Exit Interview: Chris Matthews


The Hardball host and Somerton native spins his new book, Life’s A Campaign


Interviewing MSNBC motormouth Chris Matthews is like riding a bull — take a deep breath, try to hang on as he leaps in all directions, and don’t get trampled. The 61-year-old came prepared with a list of talking points, foremost of which is his latest turn as a writer, Life’s A Campaign. The rest have been condensed due to the fact that Exit Interview is, as of press time, not released in multiple volumes.

[Hears rustling of papers] Are you sorting through all of your pre-interview materials? I’m looking at a bunch of things I want to make sure I cover. Let me see what I’ve got here — I moderated the mayor’s debate, I’m very excited about Michael Nutter. …

We can start right there. Only the debate you moderated turned into a fracas — talk of kicking butt, race-baiting. None of that happened when Jim Gardner ran the show. Ah-HA! [his signature laugh]

What was your impression of Nutter? He’s got that 1950s-­goatee, Beat Generation look. He’s an intellectual. He probably knows jazz. He probably knows the writings of hip writers.

Were you surprised he won? I’m thrilled. I was really impressed that he was able to talk about crime in a realistic way, within the Constitution, trying to figure out a way to deal with people who are carrying guns. I talked to Timoney, John Timoney, right before the debate to get a sense of, what can you do about murder? Timoney told me you can’t stop domestic disputes. But the gang-style turf things where there’s a killing and then there’s a revenge assault immediately — you gotta deal with it. [To summarize the next eight minutes: Nutter can unite the people. Eddie Rendell was the best mayor since Dilworth. People in Washington, D.C., aren’t offended by the phrase “Chocolate City.” Marion Barry was a great mayor when he was sober.]

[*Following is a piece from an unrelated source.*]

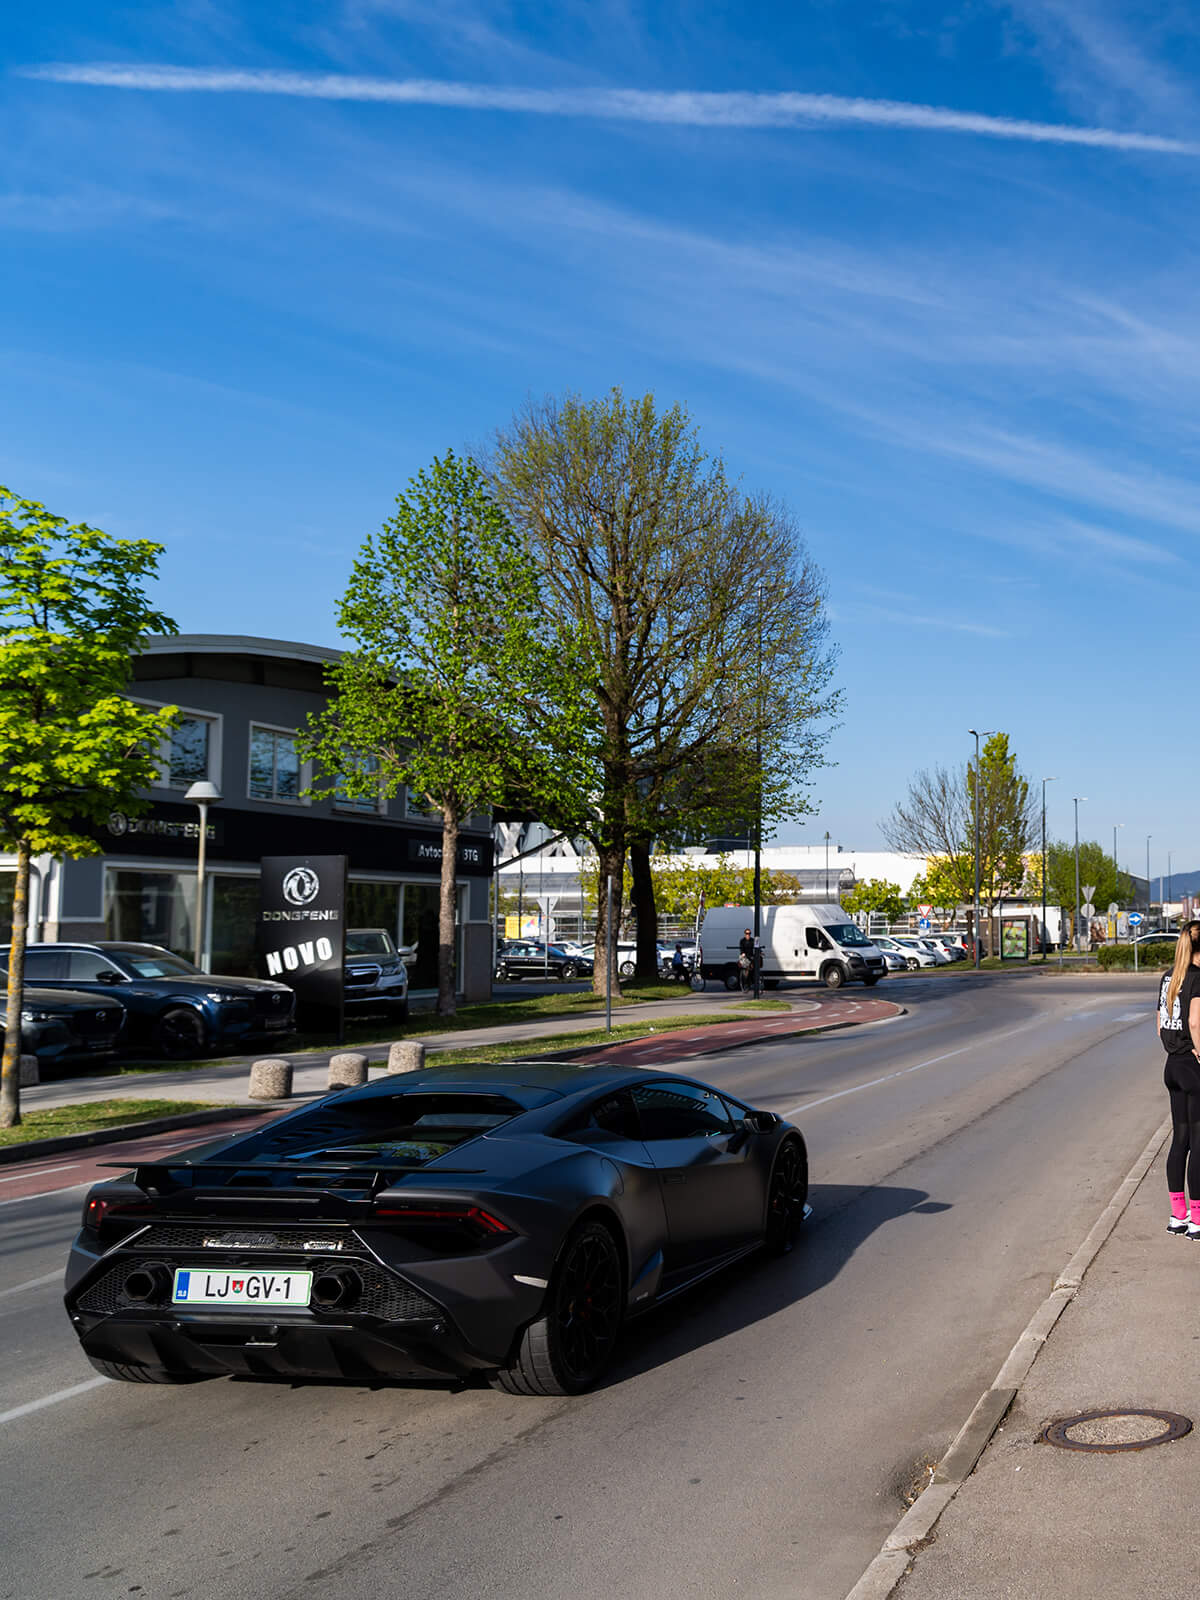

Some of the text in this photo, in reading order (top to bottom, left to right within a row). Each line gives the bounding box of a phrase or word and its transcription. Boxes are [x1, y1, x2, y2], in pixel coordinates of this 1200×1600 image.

I don’t think we’ll see Nutter on the crack pipe. That’s your comment. Please keep it to yourself. [The next five minutes: Nutter and Rendell are fabulous. Matthews hung out safely on North Broad as an eight-year-old. Movies cost a quarter back then. The violence problem won’t be solved overnight. His Aunt Agnes is a nun.]

So about your show … Crime shouldn’t be a race issue. [Folks are dying in North and West Philly, not the suburbs. Chaka Fattah is welcome on Hardball anytime. Life is like his beloved Phillies — you work hard and need luck to get by, but you’re usually stuck playing .500 ball.] I’m not as big an Eagles fan. I’m a ’Skins fan.

You might lose a few Philly viewers admitting that. Well, truth is the key. [more rustling] What are these notes I have here? My brother Jim’s up for reelection as Montgomery County commissioner. I did the Villanova commencement this year. Giuliani is the only person who can give Hillary a race for Pennsylvania. [flipping through papers] Nah, get rid of that. I ran for Congress in 1974. …

Considering your political record is 0-1, do you think … Aren’t you cute? Aren’t you nice? What’s your record?

Only a guy from Philly … Zero-zero? And you’re talking to 0-1? I’d rather be 0-1 than 0-0.

Only a guy from Philly could lose his sole campaign and write a book called Life’s A Campaign. Did you read it?

I skimmed it. One of your publisher’s selling points is that it’s “a how-to book of ways to get people to do what you want them to.” I wrote that.

Did Karl Rove write that with you? [silence] Whaddya mean? Is this sarcasm? [Everyone should read his book — think Dale Carnegie meets Machiavelli. The barometric pressure at his Victorian home in Chevy Chase is dropping rapidly. He never actually read The Prince, just the CliffsNotes.]

If there’s one takeaway lesson from your book … Grin when you fight. Have a good time, fight for success, but don’t make it personal. [Churchill is his hero. Gingrich, DeLay and Rove have changed politics for the worse. He doesn’t read the newspaper from front to back. He skips the financials and real estate sections.] I’m like the buffalo hunter. I go for the tongue of the buffalo and leave the carcass.

I hope this interview will be the tongue of the buffalo this month. Ah-HA! Ah-HA! [He picked up that laugh from Tip O’Neill’s lawyer. He saw Ben-Hur at the Boyd Theatre downtown as a kid. Go see Stardust. De Niro plays a gay pirate. He is so good.]